Początek pierwszej kwarty był niezwykle wyrównany. Żadna z drużyn nie potrafił przejąć inicjatywy. Podopieczni Dirka Bauermanna trzymali się cały czas blisko ekipy Vincenta Colleta. Jednak sporo lukę nasi zachodni sąsiedzi mieli w defensywie. Z przedarciem się i zdobywaniem punktów najmniejszych problemów nie miał Ronny Turiaf, który już po 10 minutach pojedynku miał w swoim dorobku 6 oczek. Prócz niego do kosza w zespole "Trójkolorowych" trafiali Tony Parker oraz Nicolas Batum. To było jednak za mało, by utrzymać prowadzenie z początku starcia. Niemcy za sprawą dobrej gry w ofensywie wyszli na prowadzenie. Warto dodać, że jedynie koszykarze Bauermanna w inauguracyjnej ćwiartce trafiali do kosza z dystansu.
Już w pierwszej akcji drugiej odsłony blisko doprowadzenia do wyrównania był Turiaf. Koszykarz ten miał bowiem okazję na zaliczenie akcji 2+1, ale spudłował rzut osobisty. Reprezentanci Niemiec kontynuowali swoją przyzwoitą grę. Co więcej udało im się powiększyć swoją przewagę. Spory udział miał w tym Demond Greene. Dobrze spisywał się także Patrick Femerling. To właśnie doświadczeni, odpowiednio 30 i 34 lata, zawodnicy ciągnęli grę naszych zachodnich sąsiadów. W jednej z akcji ucierpiał Ian Mahinmi, który opuścił parkiet i udał się do szatni. W samej końcówce podopieczni Colleta zdołali się zbliżyć do przeciwnika, ale o całkowitym odrobieniu strat nie było mowy.

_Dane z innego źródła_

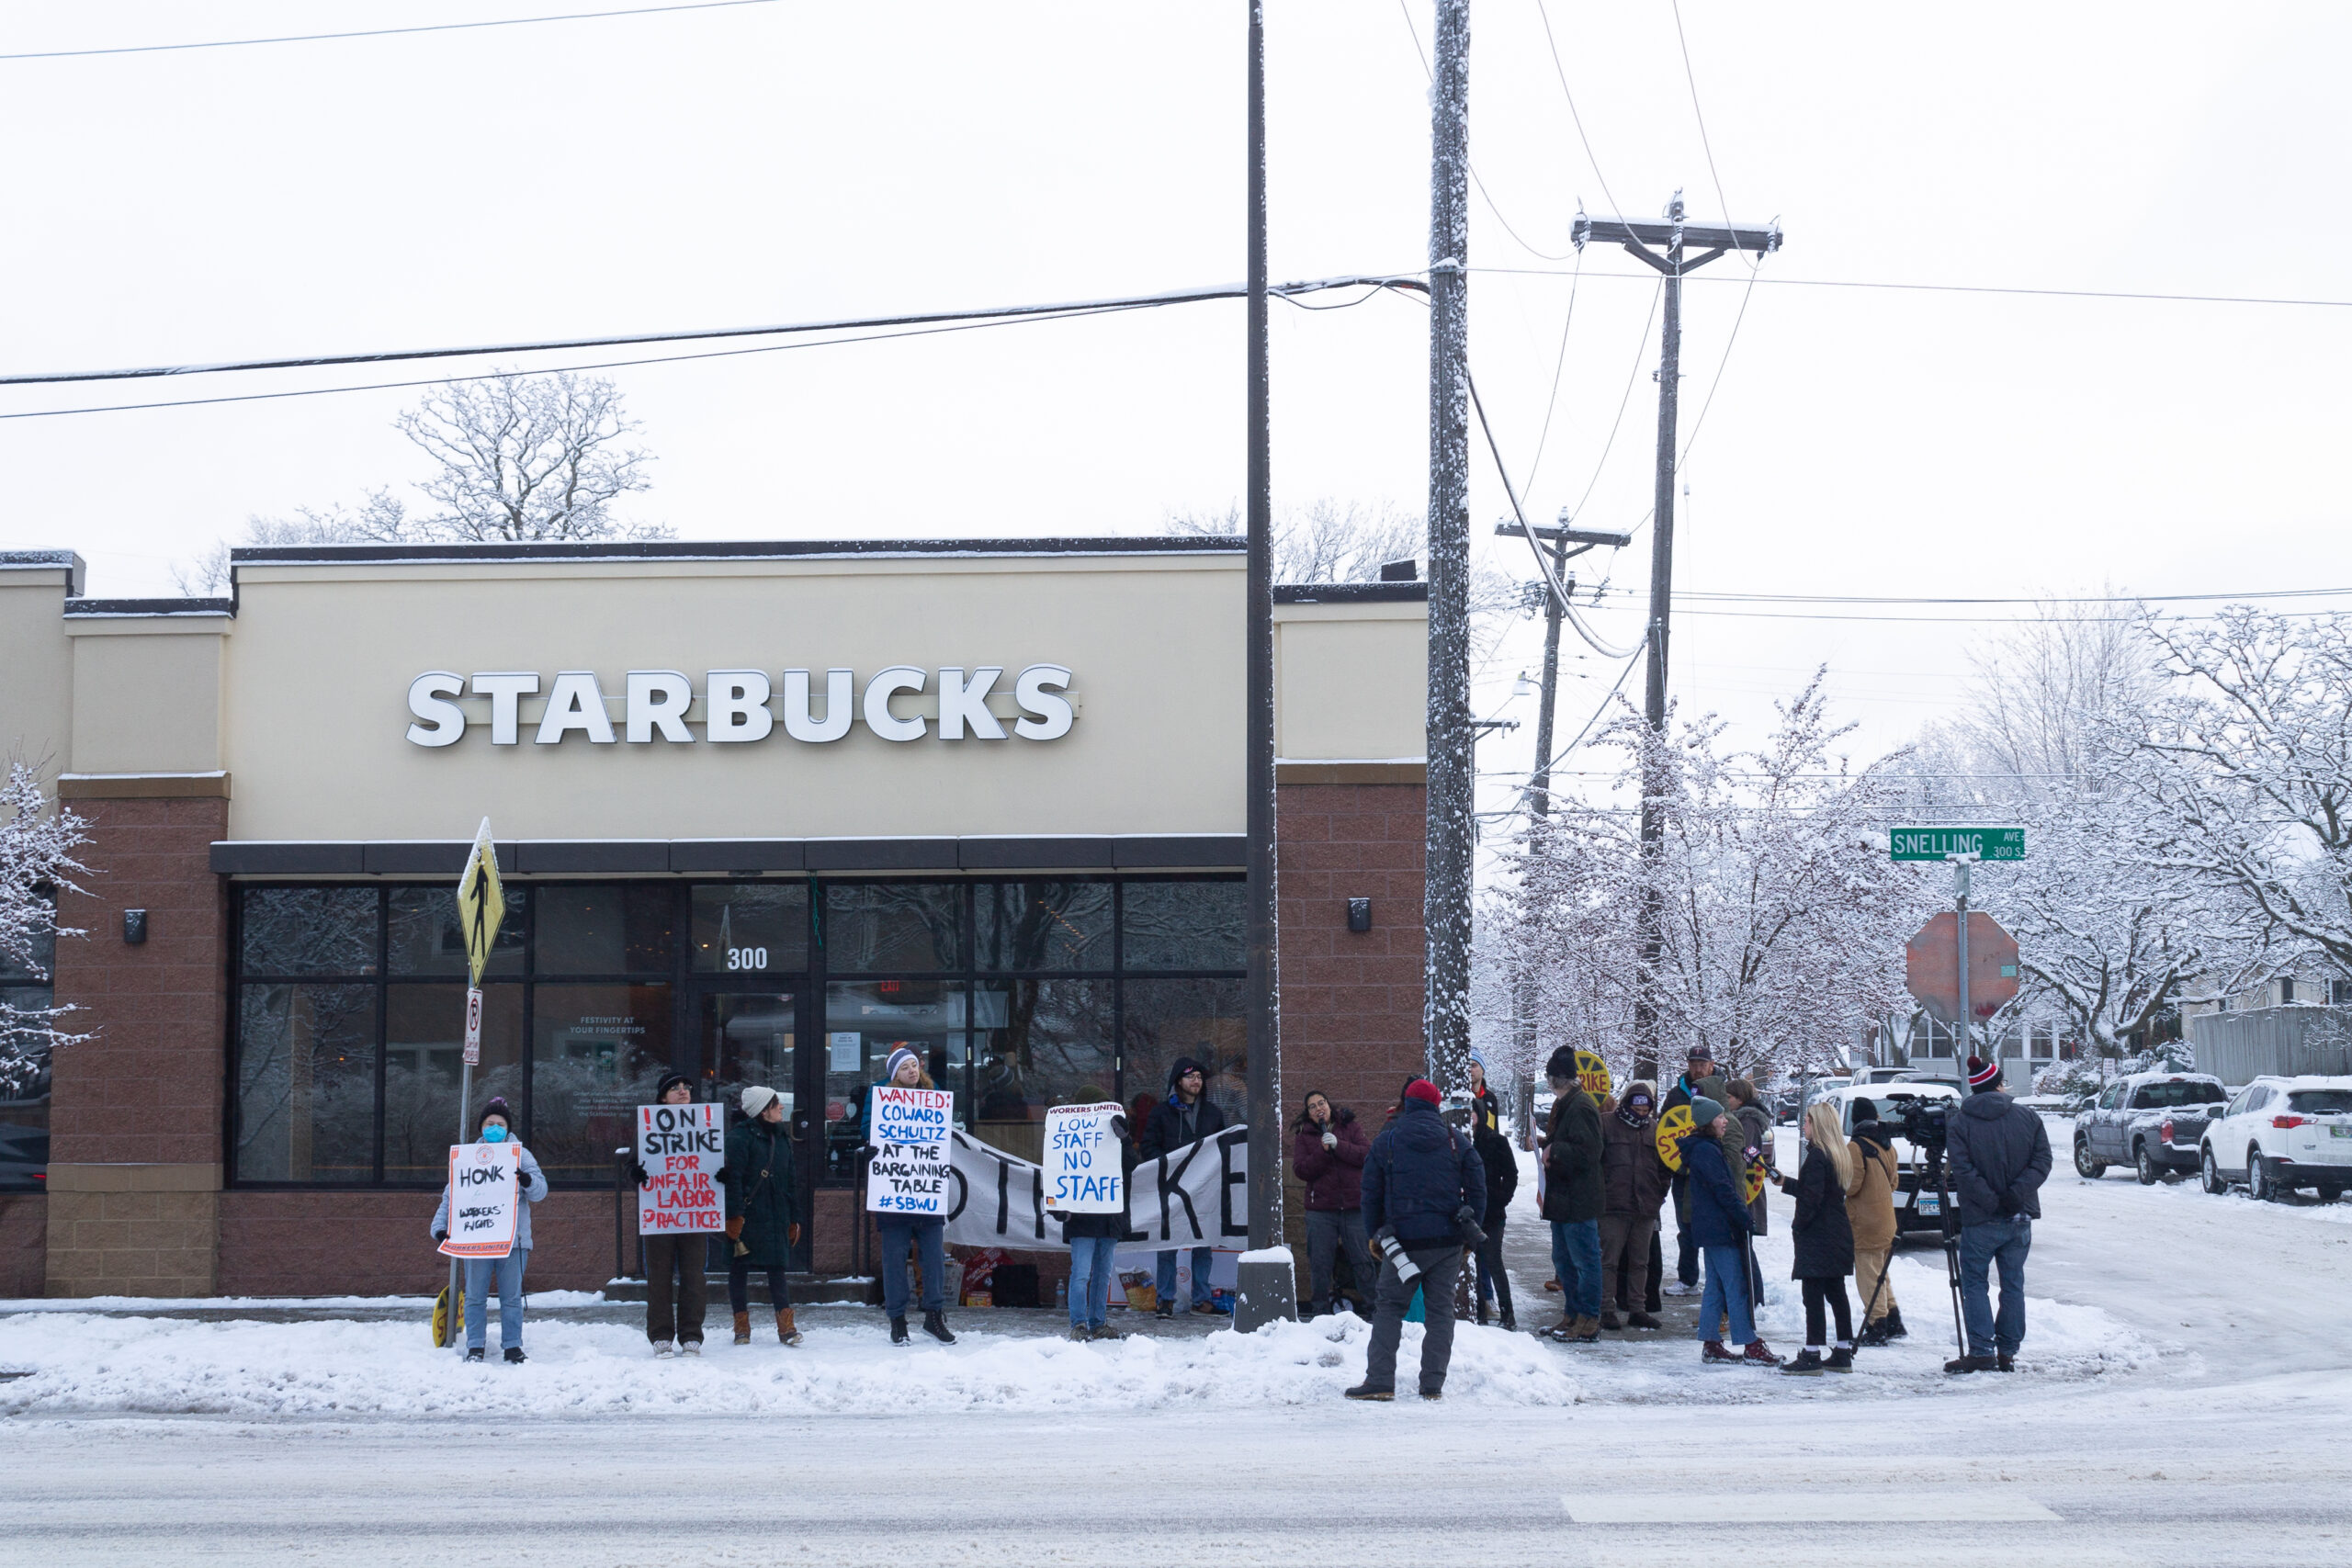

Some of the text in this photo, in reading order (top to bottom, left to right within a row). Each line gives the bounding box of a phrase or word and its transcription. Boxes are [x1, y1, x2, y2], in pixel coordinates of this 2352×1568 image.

[405, 663, 1075, 748] STARBUCKS
[1894, 831, 2020, 855] SNELLING AVE
[1994, 846, 2021, 857] 300 S
[727, 947, 768, 970] 300
[581, 1016, 635, 1024] FESTIVITY AT
[1577, 1073, 1608, 1093] RIKE
[878, 1088, 950, 1109] WANTED:
[882, 1104, 944, 1124] COWARD
[1093, 1104, 1123, 1112] UNITED
[878, 1123, 946, 1141] SCHULTZ
[1058, 1117, 1098, 1133] LOW
[645, 1129, 722, 1156] STRIKE
[1052, 1132, 1103, 1149] STAFF
[883, 1143, 940, 1159] AT THE
[1064, 1150, 1091, 1170] NO
[665, 1155, 699, 1171] FOR
[873, 1161, 950, 1179] BARGAINING
[460, 1165, 504, 1188] HONK
[641, 1173, 710, 1191] UNFAIR
[889, 1179, 943, 1195] TABLE
[1055, 1176, 1120, 1201] STAFF
[657, 1190, 716, 1208] LABOR
[878, 1196, 938, 1211] #SBWU
[464, 1219, 495, 1232] RIGHTS

Po długiej przerwie bardzo zmobilizowani na parkiet wyszli koszykarze z Francji. Przez długi czas można było zaobserwować wielką nieporadność w ofensywie obu ekip. Jednak nieco lepiej prezentowali się "Trójkolorowi". Nadal kapitalnie grał Turiaf, który miał walny udział w odrobieniu strat. 26-letni środkowy po trzech odsłonach miał już w swoim dorobku 15 punktów. Im bliżej było końca tym gorzej wyglądała gra drużyny Bauermanna. Rywale przeważali bowiem w walce podkoszowej. Odrabianie strat zostało uwieńczone sukcesem. Po celnym rzucie za dwa Aliego Traore, Francja wyszła na prowadzenie. Ostatecznie po 30 minutach gry było 50:48.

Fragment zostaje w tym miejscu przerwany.